(DATA EXCERPTS)
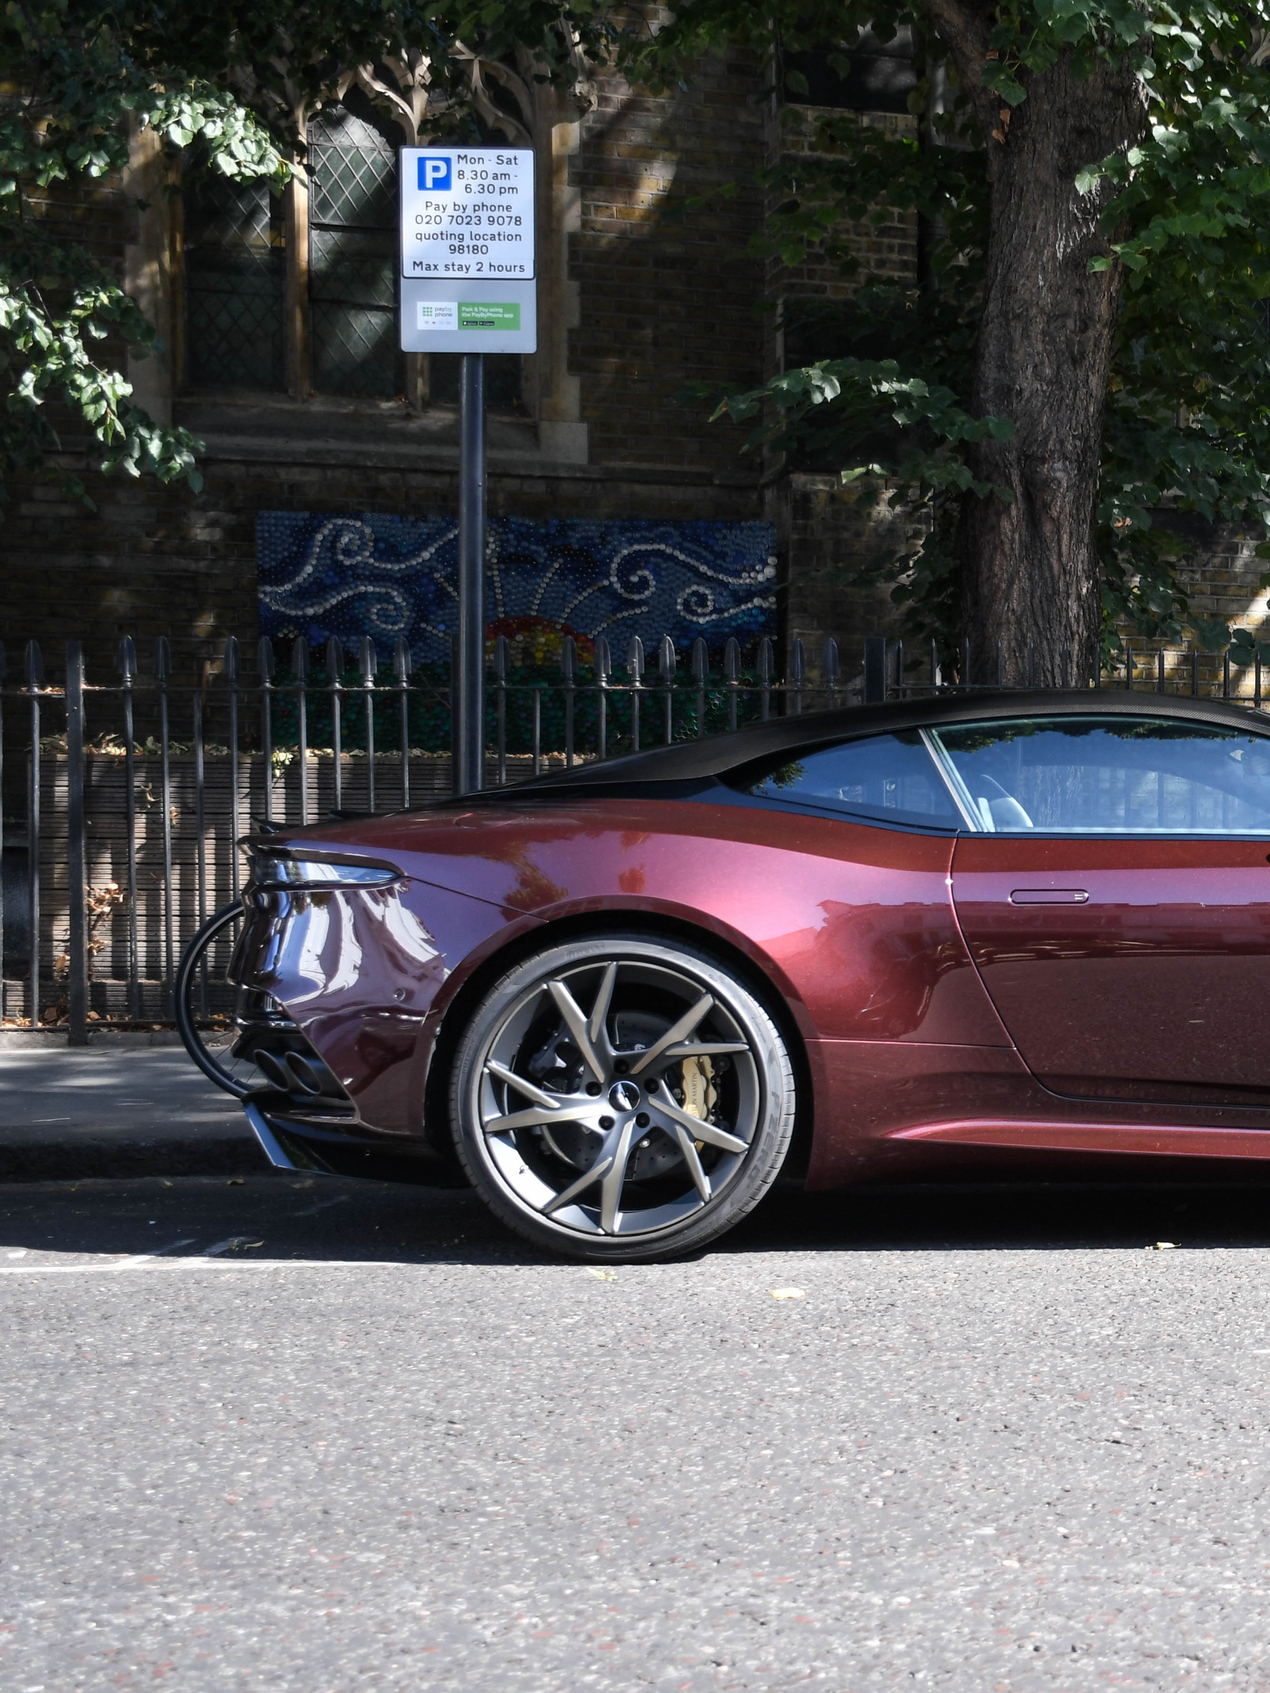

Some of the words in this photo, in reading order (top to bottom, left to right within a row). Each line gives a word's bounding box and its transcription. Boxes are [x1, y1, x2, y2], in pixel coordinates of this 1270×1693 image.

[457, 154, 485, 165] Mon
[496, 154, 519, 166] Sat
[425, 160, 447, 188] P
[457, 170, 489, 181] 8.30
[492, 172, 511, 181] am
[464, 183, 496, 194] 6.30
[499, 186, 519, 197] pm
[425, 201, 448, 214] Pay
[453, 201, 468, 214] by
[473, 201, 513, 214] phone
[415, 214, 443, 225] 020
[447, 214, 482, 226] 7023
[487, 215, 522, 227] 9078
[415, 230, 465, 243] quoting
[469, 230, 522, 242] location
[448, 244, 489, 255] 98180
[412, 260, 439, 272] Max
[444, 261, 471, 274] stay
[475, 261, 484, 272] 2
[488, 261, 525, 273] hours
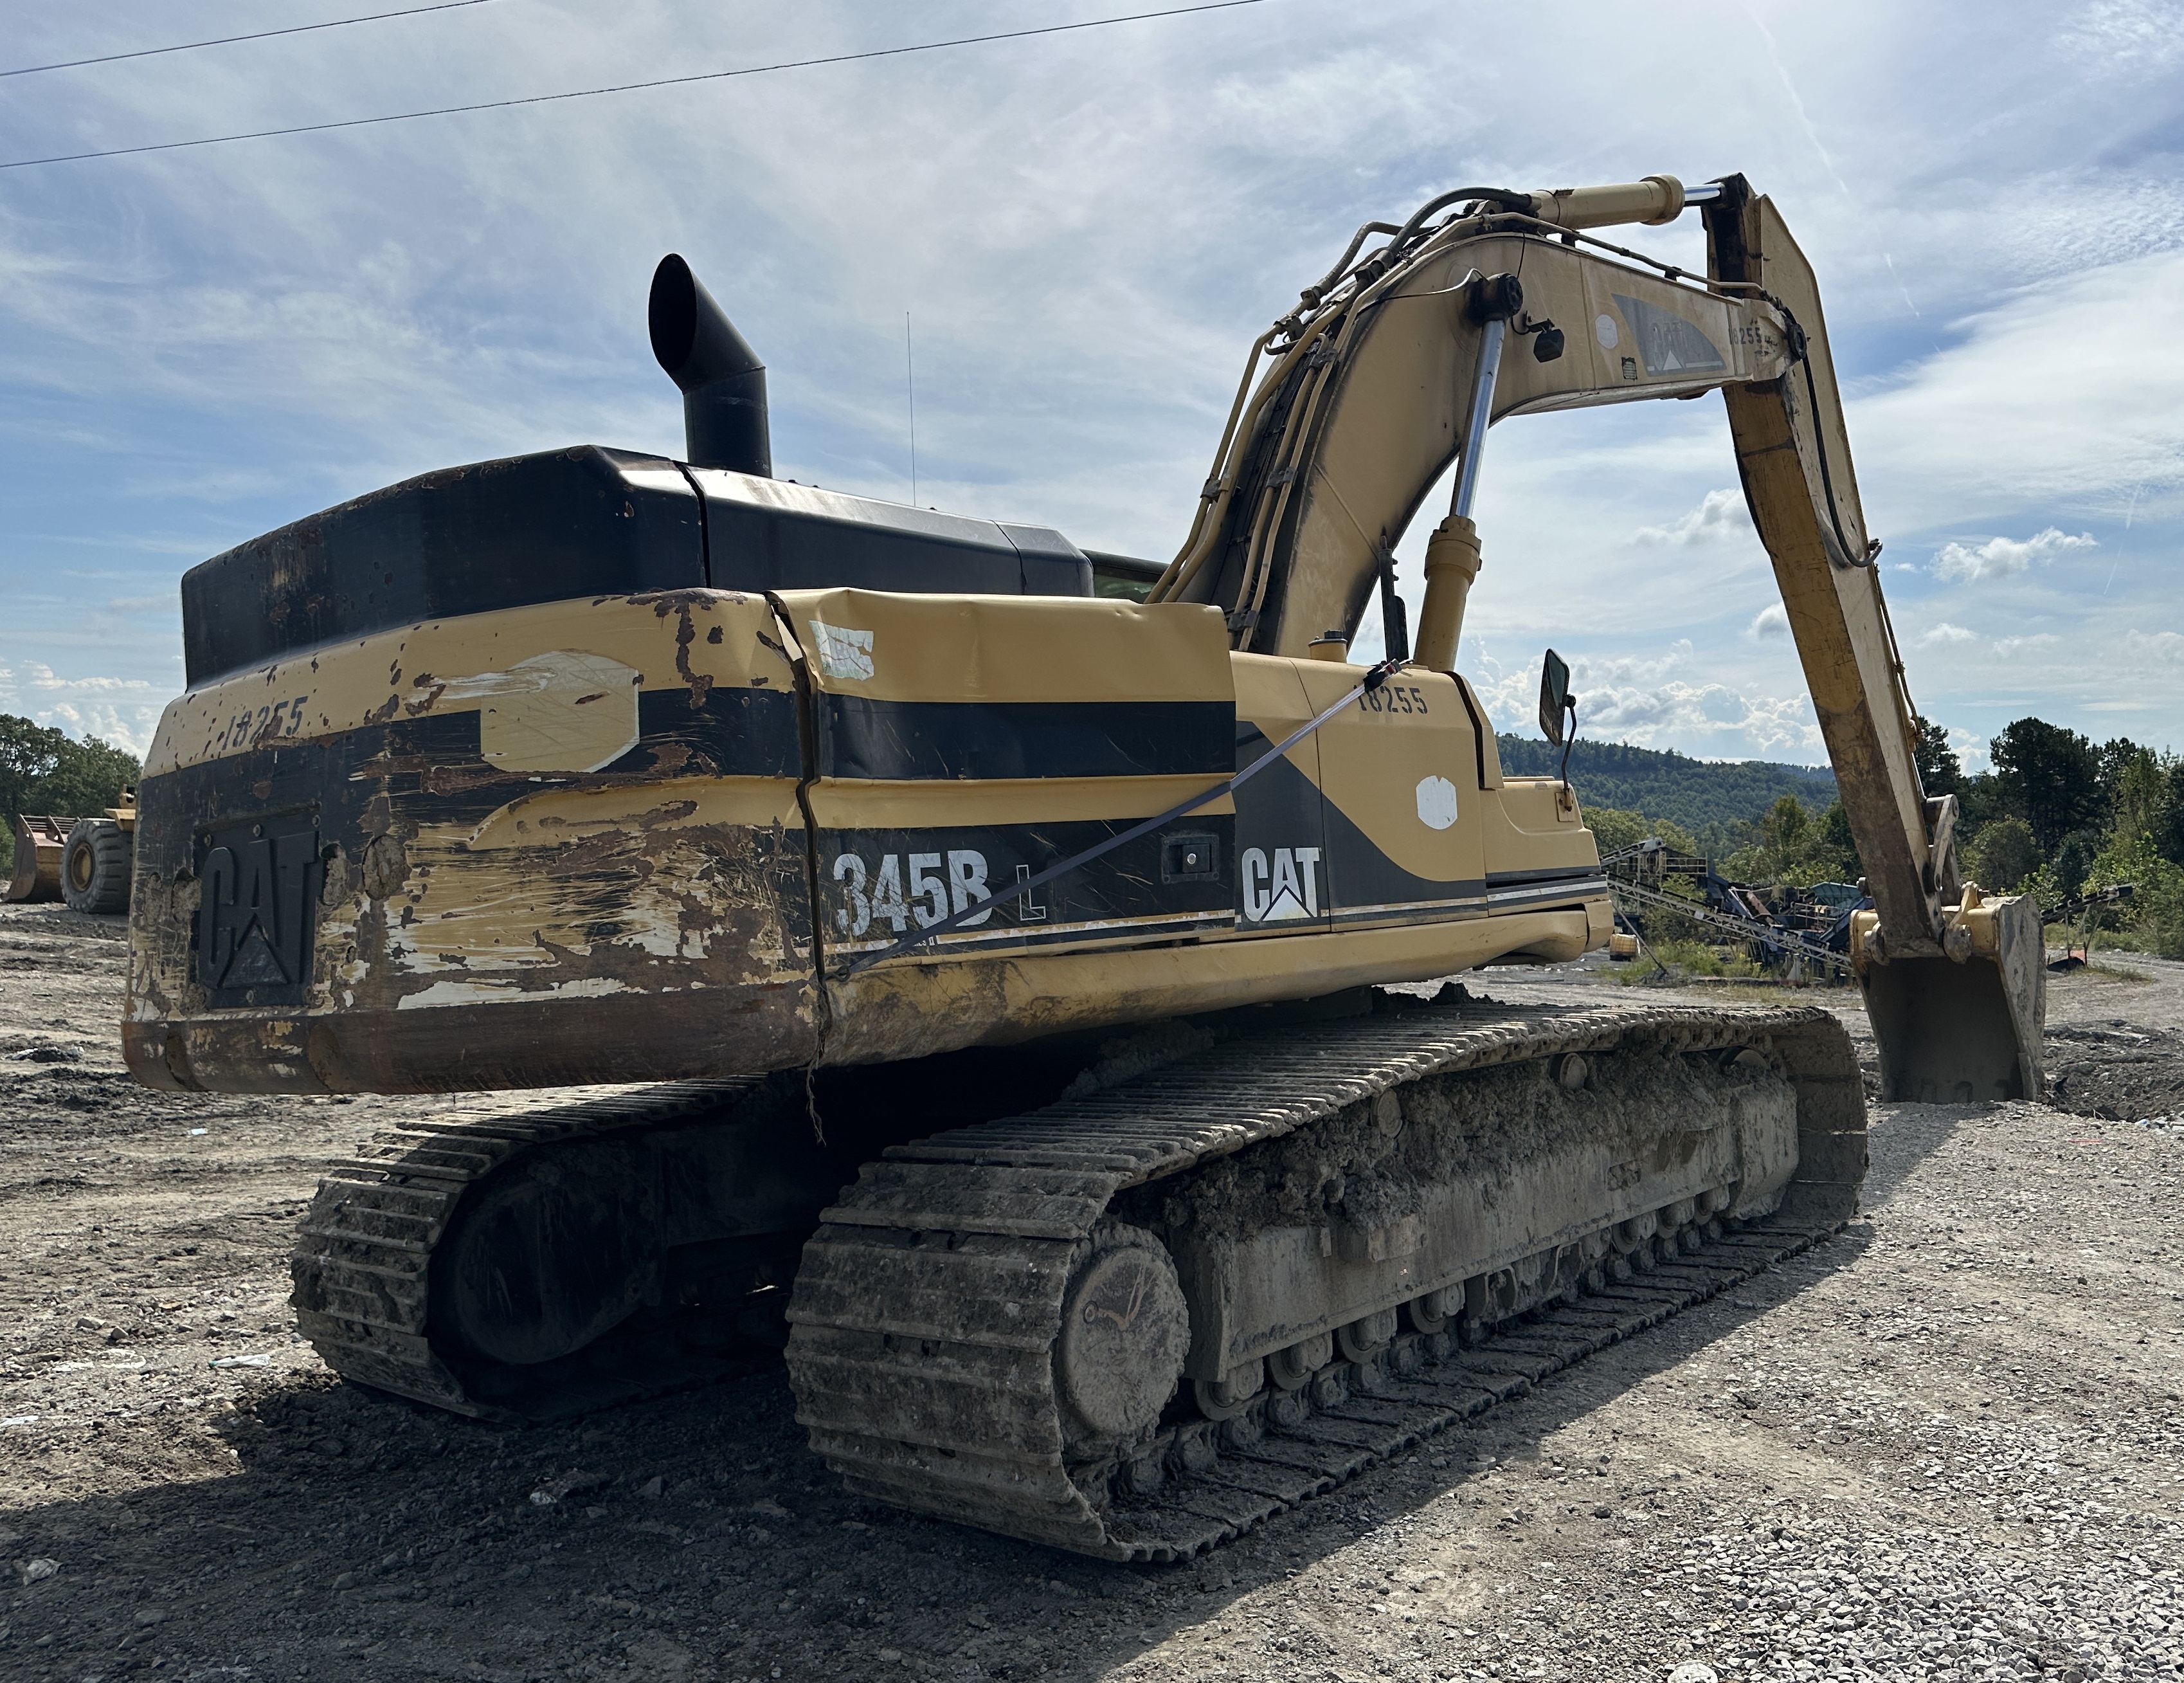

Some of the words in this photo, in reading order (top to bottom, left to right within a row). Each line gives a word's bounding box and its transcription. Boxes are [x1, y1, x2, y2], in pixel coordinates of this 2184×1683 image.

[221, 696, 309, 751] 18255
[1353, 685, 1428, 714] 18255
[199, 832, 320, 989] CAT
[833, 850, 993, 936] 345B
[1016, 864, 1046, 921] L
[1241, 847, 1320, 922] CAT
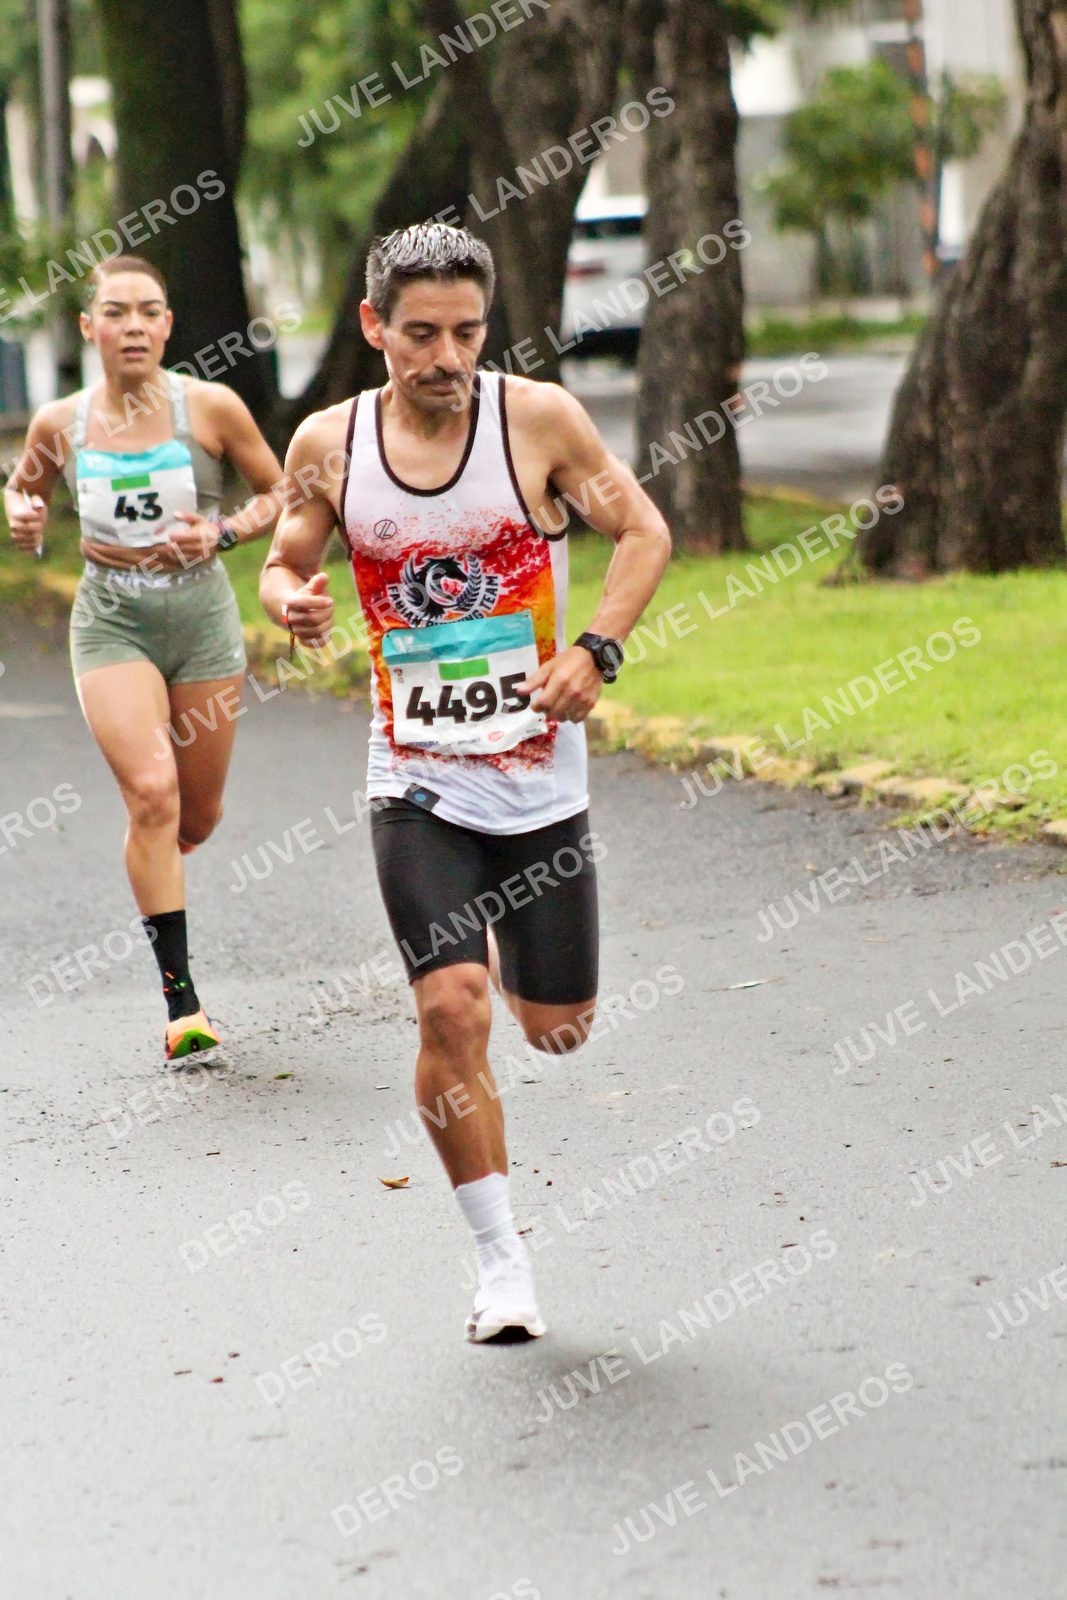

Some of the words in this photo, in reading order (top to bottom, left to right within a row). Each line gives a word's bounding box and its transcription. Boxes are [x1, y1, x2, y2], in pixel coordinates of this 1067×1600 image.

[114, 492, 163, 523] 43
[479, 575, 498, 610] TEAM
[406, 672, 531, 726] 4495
(End DATA EXCERPTS)
▶ _ABOUT THIS TASK_
Output the full material exactly as given, without its pictures.

▶ _ANSWER BOX_
Some of the words in this photo, in reading order (top to bottom, left to right within a row). Each line gives a word's bounding box and its transcription. Boxes are [x1, y1, x2, y2], in pixel coordinates of this 1270×1693 image.

[457, 154, 485, 165] Mon
[496, 154, 519, 166] Sat
[425, 160, 447, 188] P
[457, 170, 489, 181] 8.30
[492, 172, 511, 181] am
[464, 183, 496, 194] 6.30
[499, 186, 519, 197] pm
[425, 201, 448, 214] Pay
[453, 201, 468, 214] by
[473, 201, 513, 214] phone
[415, 214, 443, 225] 020
[447, 214, 482, 226] 7023
[487, 215, 522, 227] 9078
[415, 230, 465, 243] quoting
[469, 230, 522, 242] location
[448, 244, 489, 255] 98180
[412, 260, 439, 272] Max
[444, 261, 471, 274] stay
[475, 261, 484, 272] 2
[488, 261, 525, 273] hours

Some of the words in this photo, in reading order (top to bottom, left to right within a row). Each line gives a word's bounding box and its transcription. Boxes are [x1, y1, x2, y2], in pixel coordinates of this 2184×1683 image.

[221, 696, 309, 751] 18255
[1353, 685, 1428, 714] 18255
[199, 832, 320, 989] CAT
[833, 850, 993, 936] 345B
[1016, 864, 1046, 921] L
[1241, 847, 1320, 922] CAT

Some of the words in this photo, in reading order (top to bottom, left to right within a row). Each line gives a word's bounding box and its transcription. Boxes are [x1, y1, x2, y2], in pixel coordinates of this 1067×1600 image.

[114, 492, 163, 523] 43
[479, 575, 498, 610] TEAM
[406, 672, 531, 726] 4495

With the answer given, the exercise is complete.